🤖 AI Summary
In AGI research, real-world modeling remains hindered by modality fragmentation and dimensional isolation. This paper introduces the first unified multimodal generative-analytic framework structured around dimensional evolution—progressing systematically from 2D appearance to video dynamics, 3D geometry, and finally 4D spatiotemporal fusion—thereby bridging longstanding silos across image, video, 3D, and 4D generation. Leveraging integrated advances in diffusion models, autoregressive modeling, NeRF, spatiotemporal Transformers, and multimodal alignment, we construct a structured knowledge graph encompassing over 100 works, alongside cross-dimensional evaluation benchmarks and curated data resource guidelines. Key contributions include: (i) the first formal dimensional progression taxonomy enabling systematic inter-modal association; (ii) a scalable theoretical framework for world modeling; and (iii) four concrete research directions toward AGI-enabled realistic world simulation.
📝 Abstract
Understanding and replicating the real world is a critical challenge in Artificial General Intelligence (AGI) research. To achieve this, many existing approaches, such as world models, aim to capture the fundamental principles governing the physical world, enabling more accurate simulations and meaningful interactions. However, current methods often treat different modalities, including 2D (images), videos, 3D, and 4D representations, as independent domains, overlooking their interdependencies. Additionally, these methods typically focus on isolated dimensions of reality without systematically integrating their connections.

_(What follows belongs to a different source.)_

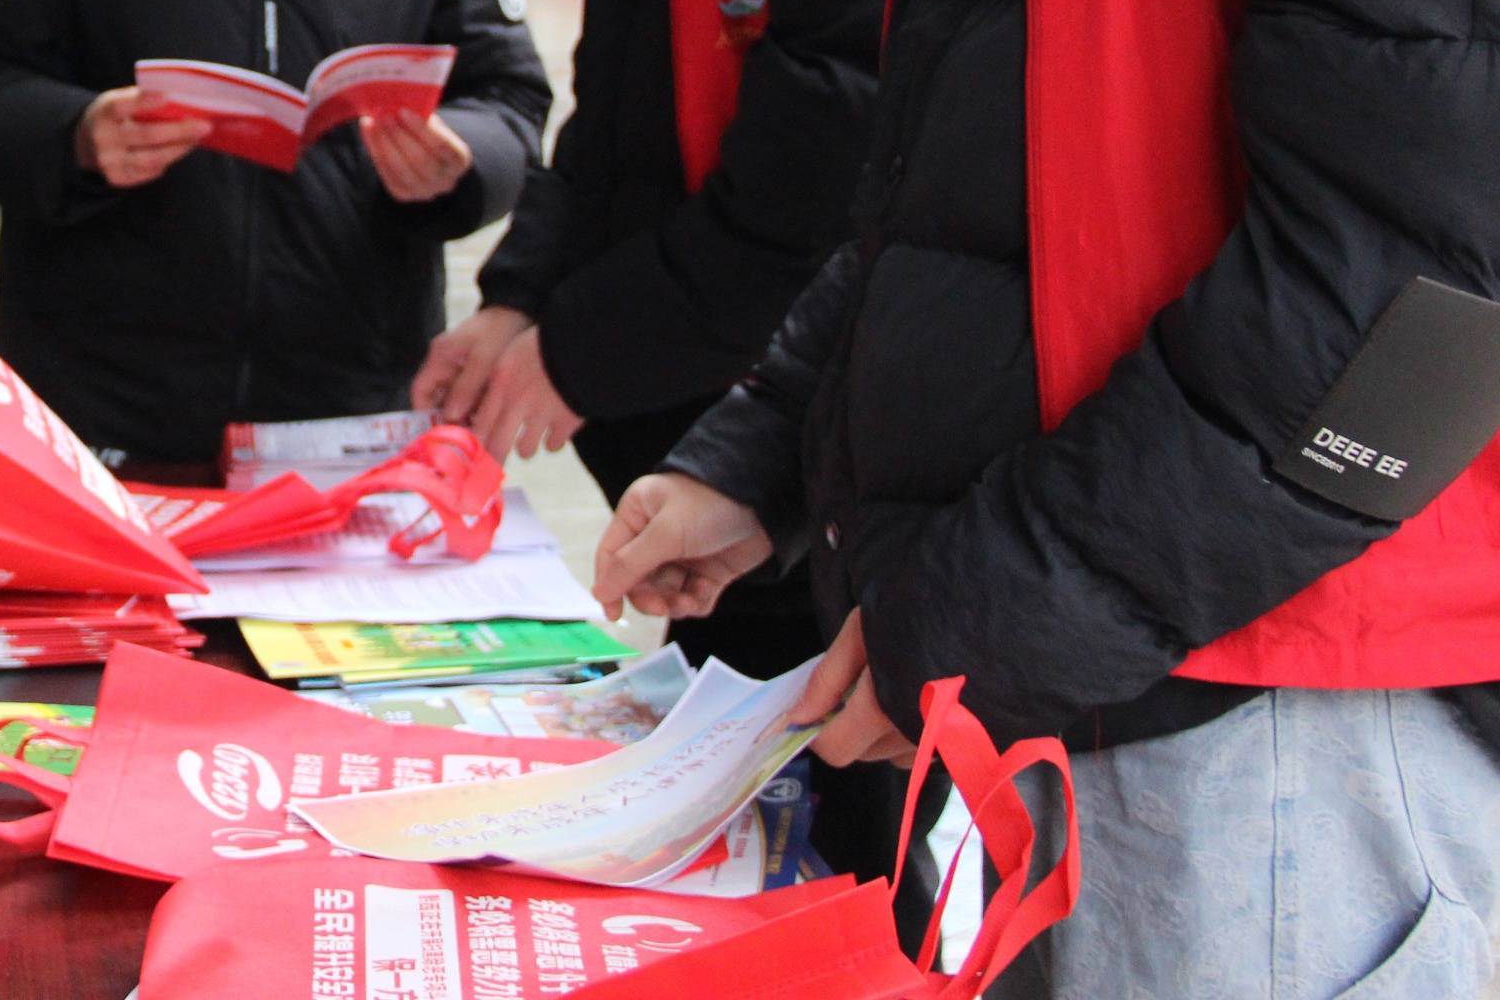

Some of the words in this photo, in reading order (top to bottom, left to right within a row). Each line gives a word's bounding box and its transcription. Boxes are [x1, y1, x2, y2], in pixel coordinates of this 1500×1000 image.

[1312, 427, 1378, 468] DEEE
[1374, 455, 1408, 479] EE
[212, 749, 250, 811] 12340

In this survey, we present a unified survey for multimodal generative models that investigate the progression of data dimensionality in real-world simulation. Specifically, this survey starts from 2D generation (appearance), then moves to video (appearance+dynamics) and 3D generation (appearance+geometry), and finally culminates in 4D generation that integrate all dimensions. To the best of our knowledge, this is the first attempt to systematically unify the study of 2D, video, 3D and 4D generation within a single framework. To guide future research, we provide a comprehensive review of datasets, evaluation metrics and future directions, and fostering insights for newcomers. This survey serves as a bridge to advance the study of multimodal generative models and real-world simulation within a unified framework.